I love getting those traditional recap-of-our-family’s-year letters from friends at Christmas. I really do. I want to be clear on that, because I’m now going to totally diss them.

Most of those letters are lies.

Oh, I believe the stuff they say really happened. But I don’t believe it’s the whole story. Maybe people think I don’t want to hear the rest of it, but I do.

I have one relative who sends refreshingly honest letters. She just puts it all out there. Like, kid A really messed things up this time, but man, I love him so much. Or, from someone you wouldn’t really expect to be okay with her kid being gay, my son and his boyfriend found a great new apartment…. There’s no hiding, no only showing what she thinks will impress others.

Ah, there it is…impress others. Is that why so many letters go wrong? Are people trying to impress me with how great their kids are turning out, how great a parent they clearly must be? Probably not. They’re just proud of them, that’s all…I get that. But it’s so much more intimate, so much more relationship-focused, to pour it all out together. (Isn’t that why we send letters? To nurture our long-distance relationships?) When you trust me enough to share the less-than-impressive stuff, it means you know I love you and your kids, no matter what. It means you know I care, you know I want the whole story, and you know I’ll understand and accept that whole story.

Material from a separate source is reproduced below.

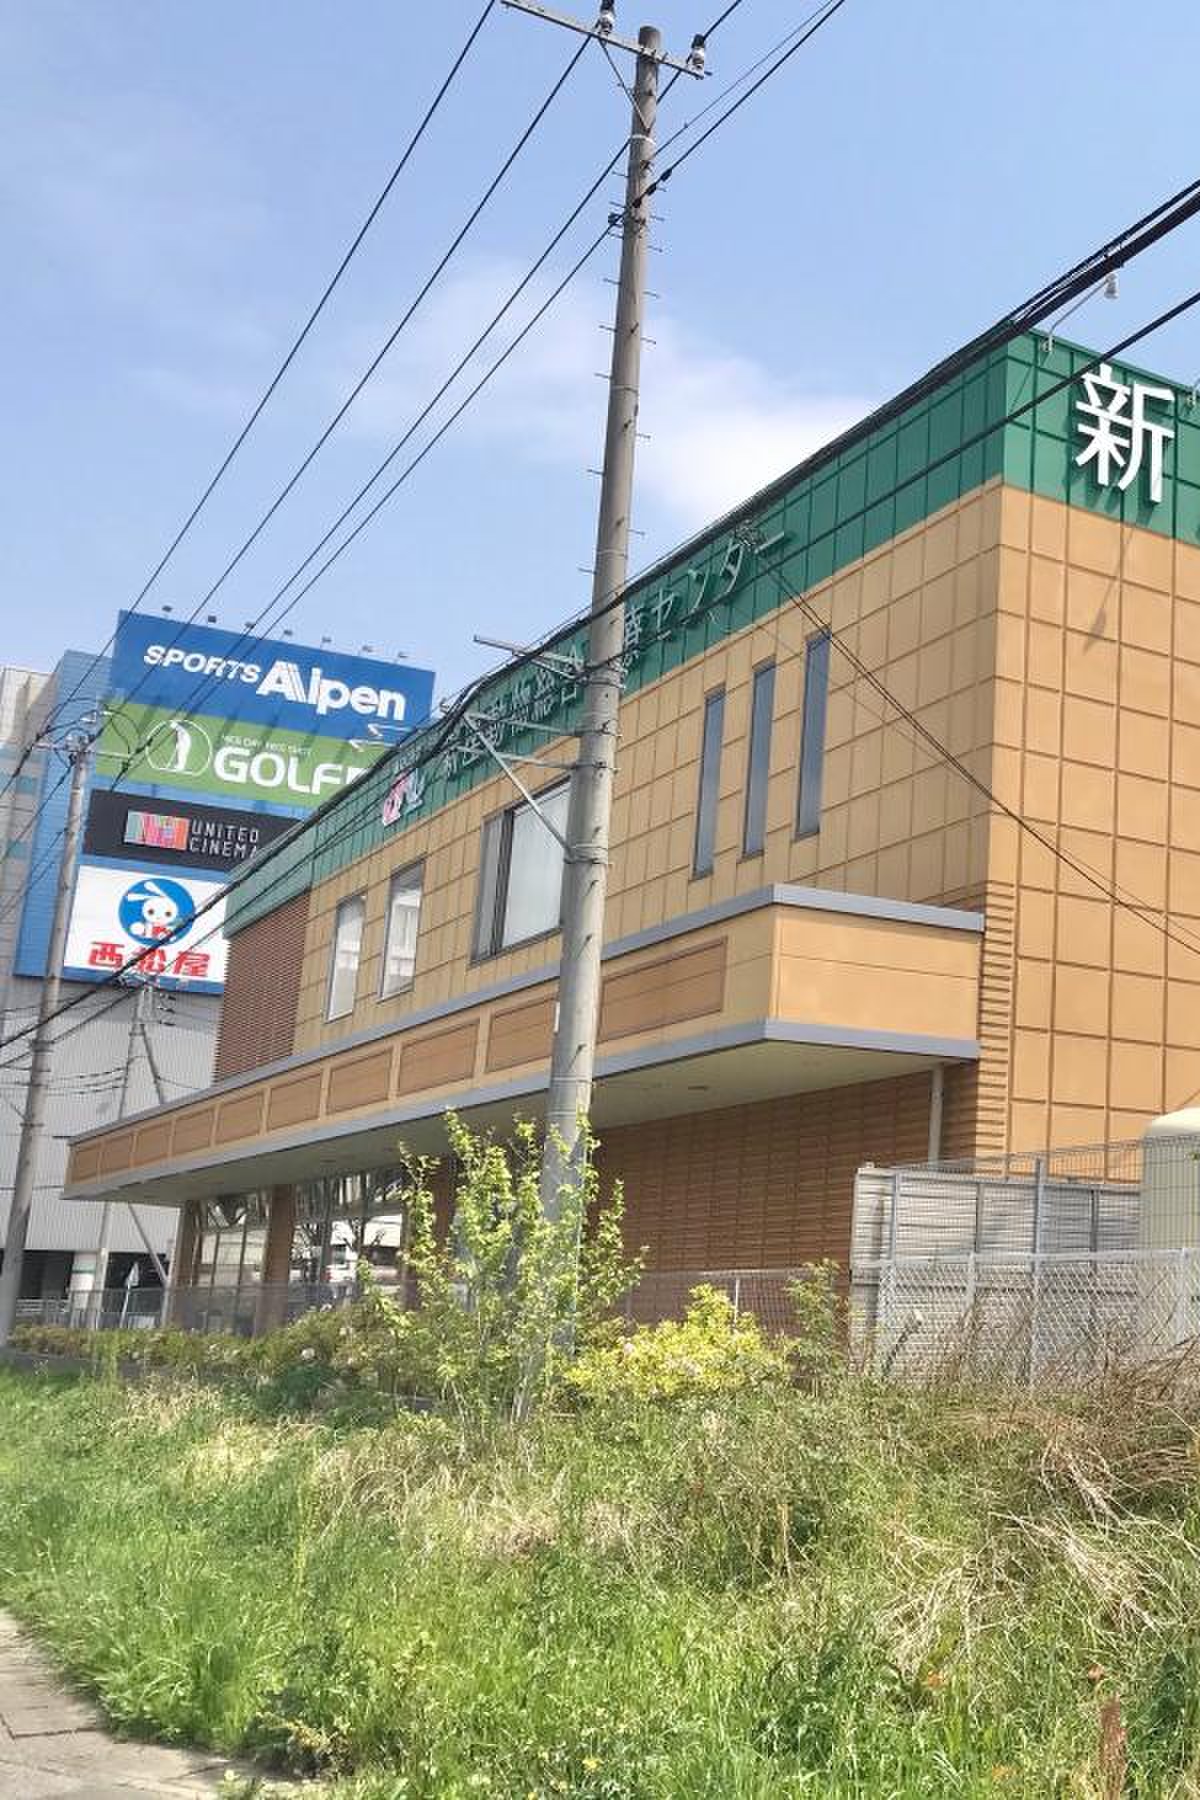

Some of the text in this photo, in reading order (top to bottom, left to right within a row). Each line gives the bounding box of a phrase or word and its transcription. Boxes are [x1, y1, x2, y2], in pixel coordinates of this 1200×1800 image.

[143, 645, 407, 721] SPORTS Alpen
[191, 819, 259, 844] UNITED

Which brings me to this: I think living as a Jesus-follower can be a little like that—like letting our lives tell the whole story, being honest about our faith and our doubts, our good days and our bad, our moments of grace and our moments of judgment. Because how we present ourselves to God is a little like writing a Christmas letter. And since I know he loves me, since I know he wants my whole story, I can be honest. I can trust him with the good, the bad, and the ugly, pouring it all out at Jesus’ feet.

He sees that mess of a story on the ground before him, and despite it – or because of it – he bends down and kisses the top of my head. He says, I love you, too.

In which I am a tree

I attend a mainline church. I fit there, more or less, but it’s not about me and my comfort level anyway. So most Sunday mornings, I escape from beneath a week’s worth of baggage and head to church. The worship service is a blended style, one that suits both the happy-clappy folks among us and the more traditional Holy, Holy, Holy folks. (Whether it suits The Almighty I’ve no idea.)

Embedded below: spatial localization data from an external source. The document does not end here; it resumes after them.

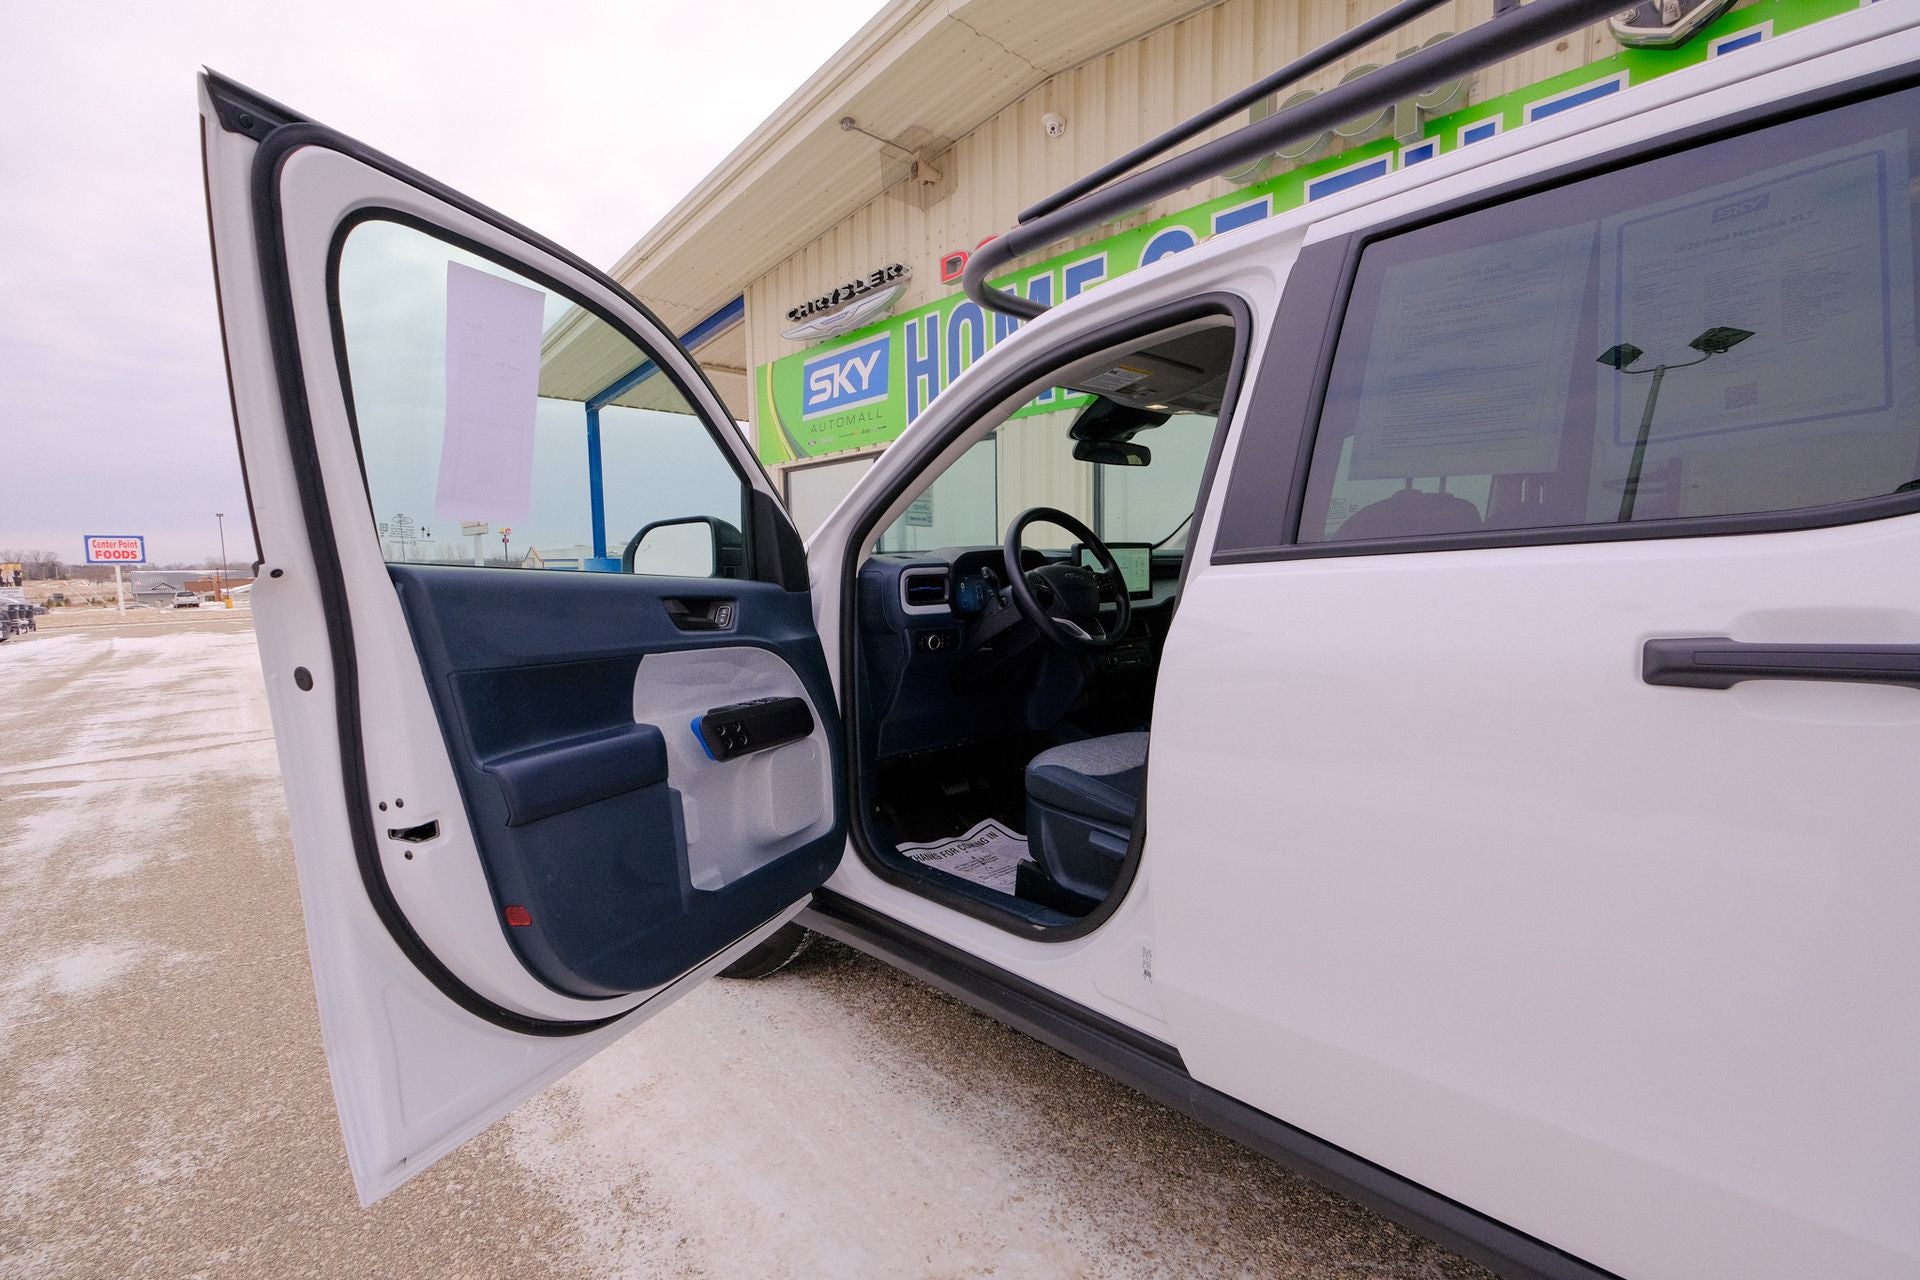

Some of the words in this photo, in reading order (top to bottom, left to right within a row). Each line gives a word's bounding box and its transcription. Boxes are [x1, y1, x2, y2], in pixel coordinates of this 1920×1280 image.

[786, 262, 912, 321] CHRYSLER
[808, 349, 882, 406] SKY
[811, 408, 883, 433] AUTOMALL
[92, 540, 117, 549] Center
[118, 540, 138, 549] Point
[95, 550, 138, 560] FOODS
[940, 848, 959, 858] FOR
[985, 831, 999, 840] IN

Personality-wise, I’m one of the happy-clappers, but some of the music aimed at my kind really freaks me out. We dare to sing phrases such as show me your glory and send down your power. I tend to skip over such phrases, and as the people around me lend their voices to these prayers, I’m thinking holy shit, people! do you have any idea what you’re saying?!

Surely if God blasted us with the full wattage of his glory the flesh would melt from our bones and ooze all over our blended-worship hymnals (I’m picturing some Raiders of the Lost Arc gore here). And seriously, send down your power? The whole world would be crushed.

Maybe the song-writers really meant just give us a wee glimpse, God, but even then, I’d be leery. It’s not that I think God’s just sitting up there waiting for an invitation to zap us (if he was going to zap us, he wouldn’t need an invitation). I really believe he’s good and loving. I believe he’s big on grace. So why do these lyrics give me pause?

The thing is, I think they make God too small. They feel a little too comfortable, a little too casual, as if we’ve forgotten that God can not be contained. As if we’ve forgotten who it is we’re worshipping. In her book, Teaching a Stone to Talk, Annie Dillard wrote about how, when we attend church, we ought to wear crash helmets and be lashed to our pews. That makes complete sense to me. And yet, I’m left trying to reconcile my inclination to strap on a helmet with my happy-clappy need to praise Jesus.

There’s a banner at the front of my church with an image of a tree engulfed in flame. The tree is burning, yet it’s beautiful, green, and alive. The words Nec Tamen Consumebatur are written above the tree. I believe this translates to yet not consumed. This morning as I looked at that banner, I thought, I am that tree. All of us here—we’re that tree.

We are the burning bush. We can dare to invoke God’s presence, dare even to call down his glory and his power, and when it comes, somehow, miraculously, we are not consumed. This is only possible because God is big on grace. Big on glory and power, yes – incredibly so – but bigger still on grace.